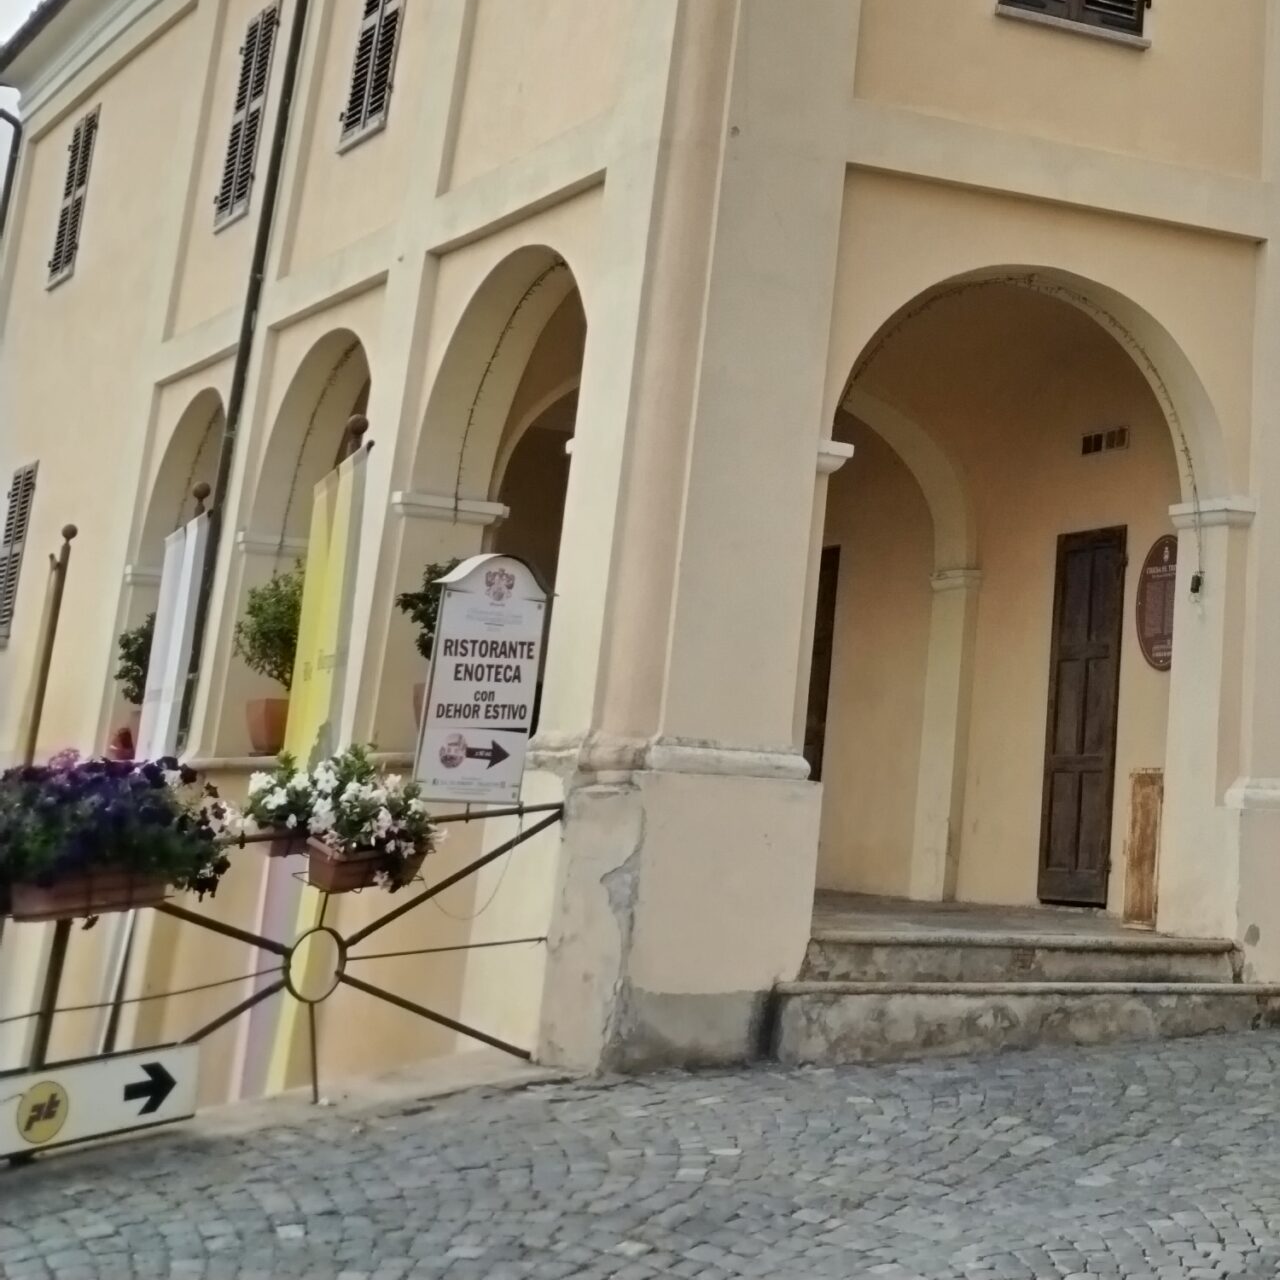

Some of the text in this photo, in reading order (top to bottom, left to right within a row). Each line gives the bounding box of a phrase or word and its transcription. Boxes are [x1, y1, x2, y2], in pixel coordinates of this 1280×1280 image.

[443, 638, 535, 660] RISTORANTE
[453, 663, 522, 683] ENOTECA
[474, 690, 495, 702] con
[436, 703, 527, 720] DEHOR ESTIVO

• **About this task**:
Wherever a picture appears in the listing above, drop it, and restate the rest exactly.

• **Answer to the exercise**:
Some of the text in this photo, in reading order (top to bottom, left to right within a row). Each line gives the bounding box of a phrase or word and its transcription. Boxes are [x1, y1, x2, y2], in pixel coordinates of this 1280×1280 image.

[443, 638, 535, 660] RISTORANTE
[453, 663, 522, 683] ENOTECA
[474, 690, 495, 702] con
[436, 703, 527, 720] DEHOR ESTIVO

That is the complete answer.